An Investigator By Any Other Name

Start your year off right: make sure you’re getting credit for all of your funding!  As new internal funding data is being pulled, it is becoming clear that there are a lot of people that appear with less support than they should for one key reason: they are using the “Co-PI” designation on NIH applications.

 

Here’s a gentle reminder: the “Co-PI” designation is not recognized by NIH.  When applying for NIH funding, don’t select it if you are using the SF424 (also: why are you still using the SF424?) and don’t type it in if you are using ASSIST.  That designation appears for other agencies that DO use Co-PIs; NIH is not the only agency that uses the SF424 and so the SF424 is inclusive of other labels.  For a little more information on how this affects internal candidacy tracks and overall university rankings, check out our previous post, “When Good Labels Go Bad.”

 

Instead, when applying for NIH funding, use the “PD/PI” designation for BOTH if you and another PI are both considered to be PD/PI (or if there are more than two of you, even).  If someone is not sharing principal or directorial duties with you, that person should be designated as “Co-Investigator.”  If you’re still not sure what your label should be, drop us a note and we’ll help you figure it out!  Don’t short yourself (or your department) on support; you work hard and deserve your due credit!

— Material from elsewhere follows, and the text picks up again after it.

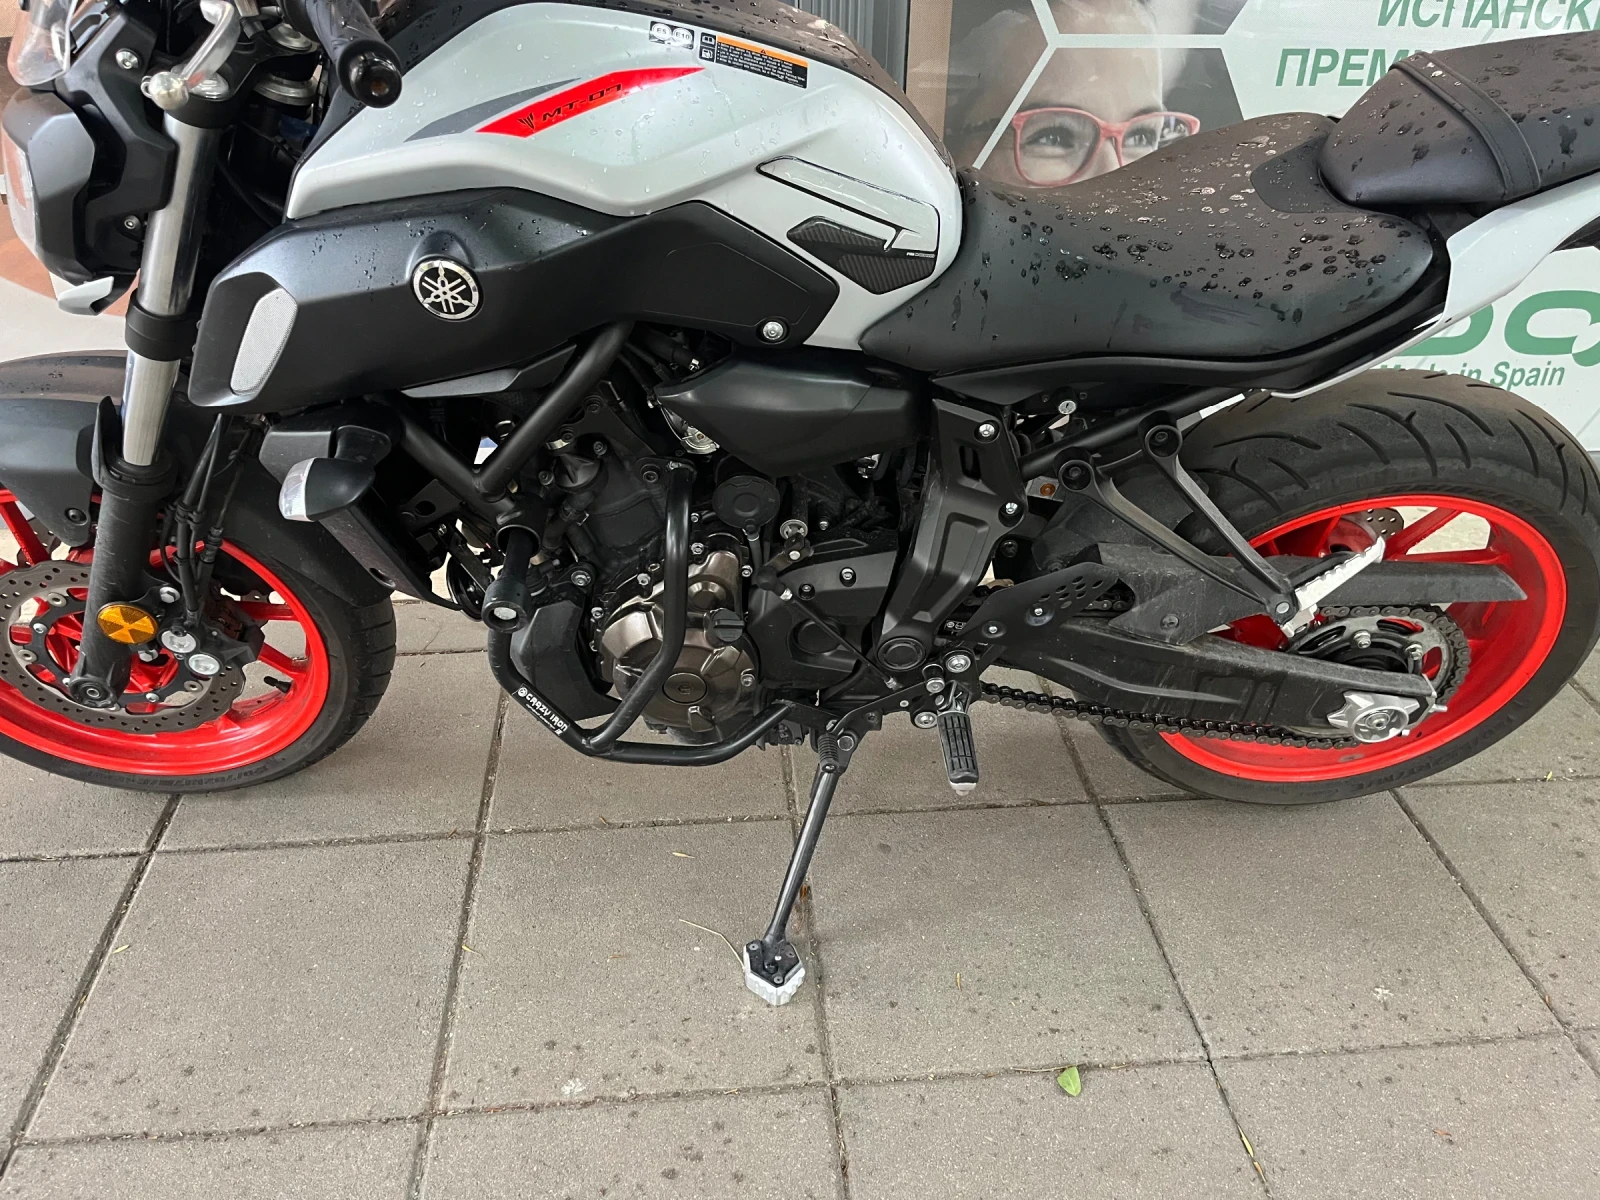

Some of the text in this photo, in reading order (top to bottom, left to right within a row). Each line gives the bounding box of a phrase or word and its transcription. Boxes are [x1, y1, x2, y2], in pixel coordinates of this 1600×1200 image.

[1377, 0, 1600, 31] ИСПАНСК
[542, 83, 622, 122] MT-07
[1489, 360, 1566, 391] Spain

Credit Where Credit Is Due

This is just a quick reminder to ensure that you are identifying the “Division” on your SF424 proposal packages as “Schools of Medicine”.  This is the identifier category used when crediting the School of Medicine with award dollars, and any other unrecognized term will result in uncredited monies (thus dropping our rankings). “Schools of Medicine” is the recognized NIH “acceptable major component code.”